テーブルに両手を載せたまま、しゃがみこんで頭も身体も二人から見えないようにする。
武田の大将が呵呵大笑する声がテーブルの下で聞こえる。
多分、旦那はきょとんとしているだろう。
・・・何ソレ、あれか、あれですか?伊達ちゃんが「小十郎を小十郎って呼んでいいのはオレだけなんだよっ!」っていうアレですか?!
コノヒト、電波受信してないのに言うんだ?言っちゃうんだ?!
あーもー、俺様、耳が赤いんだか首が赤いんだかわかんないよ、っていうか、手まで赤くなってないよね?!

俺様はもう、そのままの体勢で伝家の宝刀を抜くしかない。

「・・・旦那、今日の晩御飯抜き・・・」

なんだとっ?!と旦那を怯ませることに成功する辺り、威力は絶大だ。
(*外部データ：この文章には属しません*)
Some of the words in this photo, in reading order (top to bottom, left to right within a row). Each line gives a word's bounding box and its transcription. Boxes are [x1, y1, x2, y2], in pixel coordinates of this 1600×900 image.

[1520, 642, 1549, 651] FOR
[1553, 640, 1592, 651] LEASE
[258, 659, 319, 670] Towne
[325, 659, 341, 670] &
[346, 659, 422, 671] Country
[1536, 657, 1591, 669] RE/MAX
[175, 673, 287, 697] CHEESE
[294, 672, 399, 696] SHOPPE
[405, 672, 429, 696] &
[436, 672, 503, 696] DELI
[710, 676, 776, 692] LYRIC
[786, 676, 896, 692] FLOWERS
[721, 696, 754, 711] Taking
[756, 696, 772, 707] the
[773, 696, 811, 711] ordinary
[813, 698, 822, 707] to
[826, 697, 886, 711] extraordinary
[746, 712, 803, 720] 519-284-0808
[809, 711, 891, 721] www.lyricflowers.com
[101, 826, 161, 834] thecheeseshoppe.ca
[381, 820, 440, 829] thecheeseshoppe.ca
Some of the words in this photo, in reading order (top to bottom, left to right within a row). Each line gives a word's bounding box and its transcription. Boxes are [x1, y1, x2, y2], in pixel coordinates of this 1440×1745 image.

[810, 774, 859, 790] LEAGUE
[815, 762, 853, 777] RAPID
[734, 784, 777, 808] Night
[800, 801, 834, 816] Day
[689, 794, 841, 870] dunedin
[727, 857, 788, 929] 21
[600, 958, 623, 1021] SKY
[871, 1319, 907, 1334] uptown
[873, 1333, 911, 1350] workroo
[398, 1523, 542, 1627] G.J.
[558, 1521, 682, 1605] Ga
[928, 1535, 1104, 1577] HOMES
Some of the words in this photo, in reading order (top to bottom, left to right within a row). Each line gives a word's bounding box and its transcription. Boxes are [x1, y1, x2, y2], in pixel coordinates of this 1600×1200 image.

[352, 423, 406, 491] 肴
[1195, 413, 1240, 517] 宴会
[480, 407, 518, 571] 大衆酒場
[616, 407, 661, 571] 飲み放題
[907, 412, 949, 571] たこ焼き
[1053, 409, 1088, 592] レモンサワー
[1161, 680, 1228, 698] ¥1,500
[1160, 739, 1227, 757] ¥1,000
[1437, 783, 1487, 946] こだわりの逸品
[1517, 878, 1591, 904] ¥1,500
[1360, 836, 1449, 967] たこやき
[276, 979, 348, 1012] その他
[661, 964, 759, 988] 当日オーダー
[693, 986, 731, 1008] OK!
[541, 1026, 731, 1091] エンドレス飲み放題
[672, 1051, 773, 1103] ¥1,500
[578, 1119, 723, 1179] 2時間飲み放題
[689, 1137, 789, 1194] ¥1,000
ていうか、あんたまだ食べるつもりだったのかよ。
が、「おお佐助、作っていってくれるのか、すまんのう」などとトボける武田の大将には一敗を喫した。
がくり、とそのままの体勢で首を折った俺様の頭上に、旦那が声を降らせる。
昔も今も、俺様を走らせる、その声で。

「ならば佐助、茶を頼む。味が濃かったからか、喉が渇いた。」

・・・。
・・・・・。
あーもー、本当、今も昔も関係なく、旦那ってば俺様の扱いが荒いんだからっ!!!


俺様は仕方なく、赤い顔が元に戻るのを待ってくれない兄弟子の言いつけ通りに、お茶を用意した。